Contracting has become one of the critical trends in the corporate world. Depending on the organization, up to two-thirds of corporations trust contractors with their services. The advantages of outsourcing include lower expenses, the flexibility to concentrate on core operations and get access to compelling technologies, and highly skilled personnel that would instead be out of reach. However, organizations should be mindful of hazards like unreliability, contract violations, hidden or unexpected fees, and misunderstanding. There are additional ethical difficulties that may develop in the course of creating a client-vendor relationship. Contracting is not impervious to unethical labor practices, conflict of interests, and misuse of authority. Communication is crucial to settling problems and producing consistently positive results. Regardless of the chosen mode of communication that must be adapted to an organization profile, it promotes trust, decreases information risks, and eliminates misunderstanding.

References

‌Alibabic, L. (2021). The Importance of Communication in the Contractor–subcontractor Relationship – EDM Chicago. EDM Chicago. Web.
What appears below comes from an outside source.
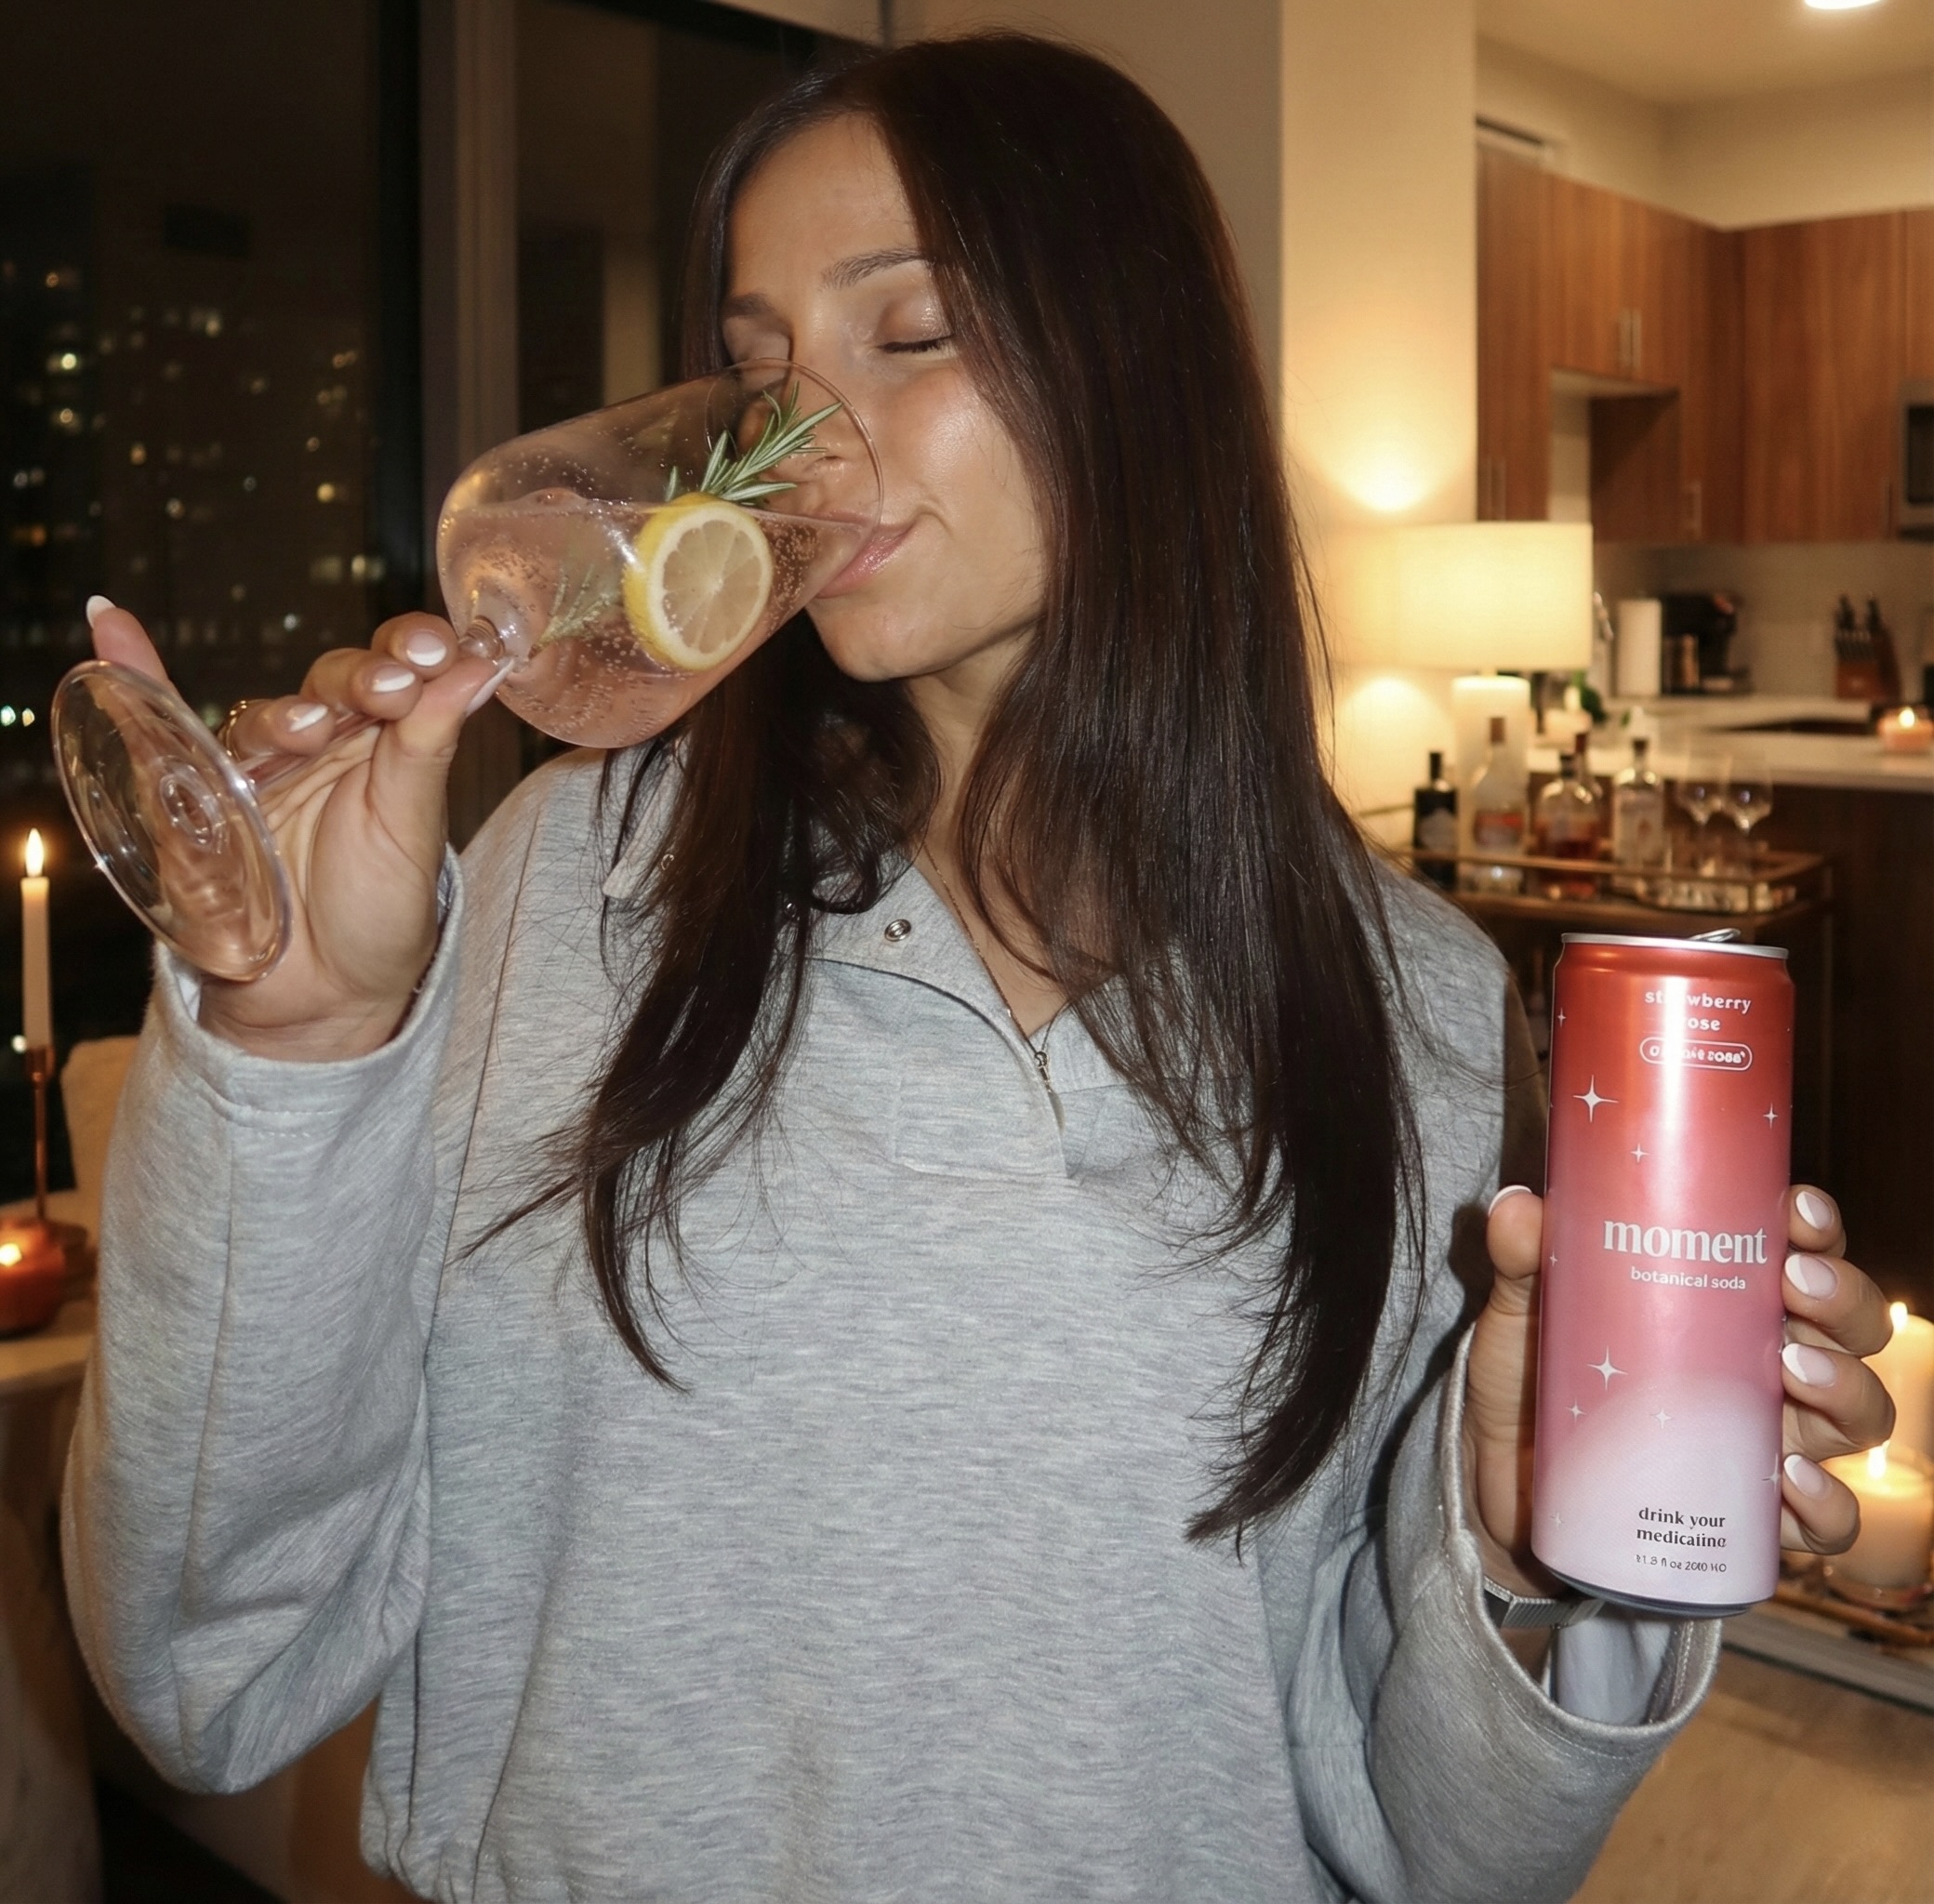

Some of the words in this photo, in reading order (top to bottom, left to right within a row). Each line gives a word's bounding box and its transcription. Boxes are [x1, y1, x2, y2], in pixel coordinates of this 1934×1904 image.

Bucki, J. (2020). Top Outsourcing Advantages. LiveAbout. Web.

Decker, A. (2022). The Ultimate Guide to Pricing Strategies. Hubspot.com; HubSpot. Web.

Kraljević, D., & Lacković, K., Šojo, R. (2020). The Information–Communication Process in a Business with Outsourcing for the Maintenance of a Complex Technical System. Tehnički glasnik, 14(2), 194-200. Web.

Lambert, K. (2022). Fear of Service Outsourcing: How to Overcome It – Small Business Psychology Consultant. Small Business Psychology Consultant. Web.

Mordor Intelligence. (2022). IT Outsourcing Market – Growth, Trends, COVID-19 Impact, and Forecasts (2022 – 2027). Mordor Intelligence. Web.

Ritchie, M. (2015). Outsourcing’s booming business. ISO. Web.

Wells, K. (2018). Bottom Line: Effective Team Communication Strategies in Business. Field Service Digital. Web.